→ PROBLEM TO SOLVE
Could you set down every entry exactly as it stands, without the images?

Image-backed grounding data
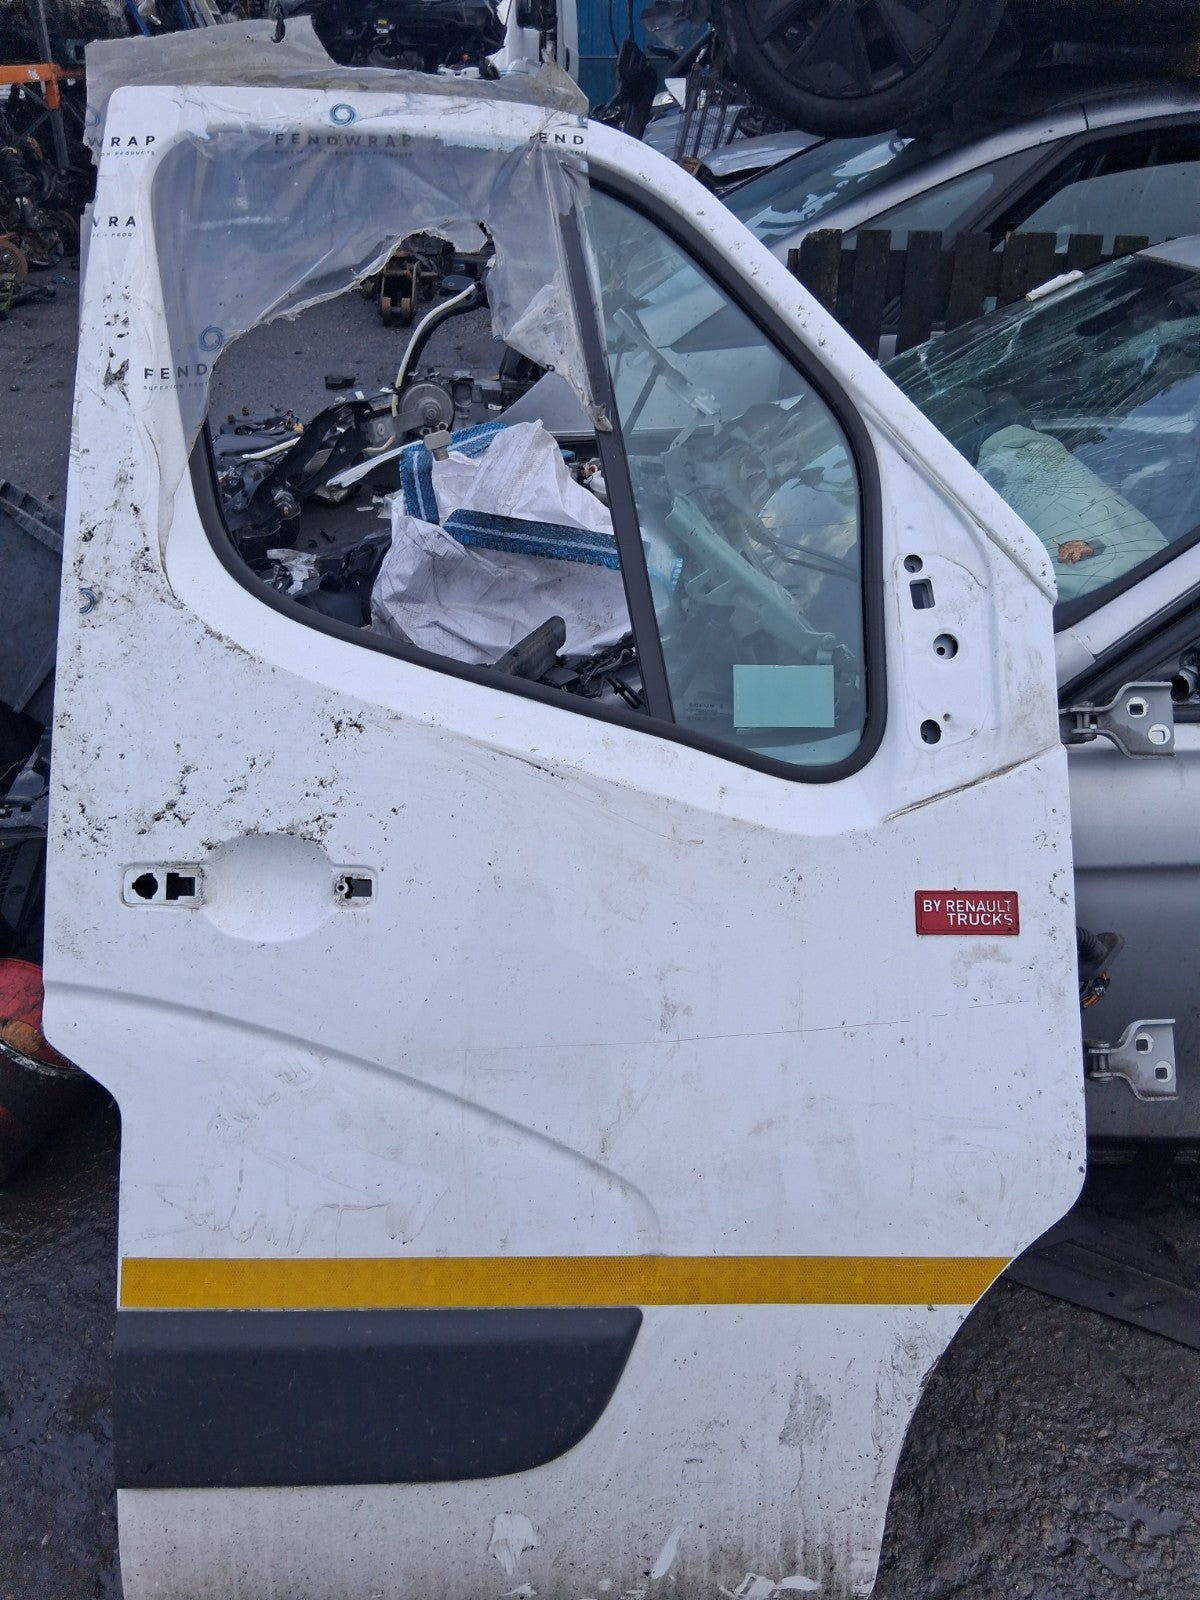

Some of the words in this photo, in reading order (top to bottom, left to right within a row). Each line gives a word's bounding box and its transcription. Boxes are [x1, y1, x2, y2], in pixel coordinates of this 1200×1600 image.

[144, 363, 208, 380] FEND
[923, 899, 941, 912] BY
[946, 899, 1012, 913] RENAULT
[946, 913, 1013, 926] TRUCKS

→ YOUR SOLUTION
Some of the words in this photo, in reading order (top to bottom, left to right within a row). Each line gives a word's bounding box and its transcription. Boxes are [x1, y1, x2, y2], in pixel coordinates of this 1200×1600 image.

[144, 363, 208, 380] FEND
[923, 899, 941, 912] BY
[946, 899, 1012, 913] RENAULT
[946, 913, 1013, 926] TRUCKS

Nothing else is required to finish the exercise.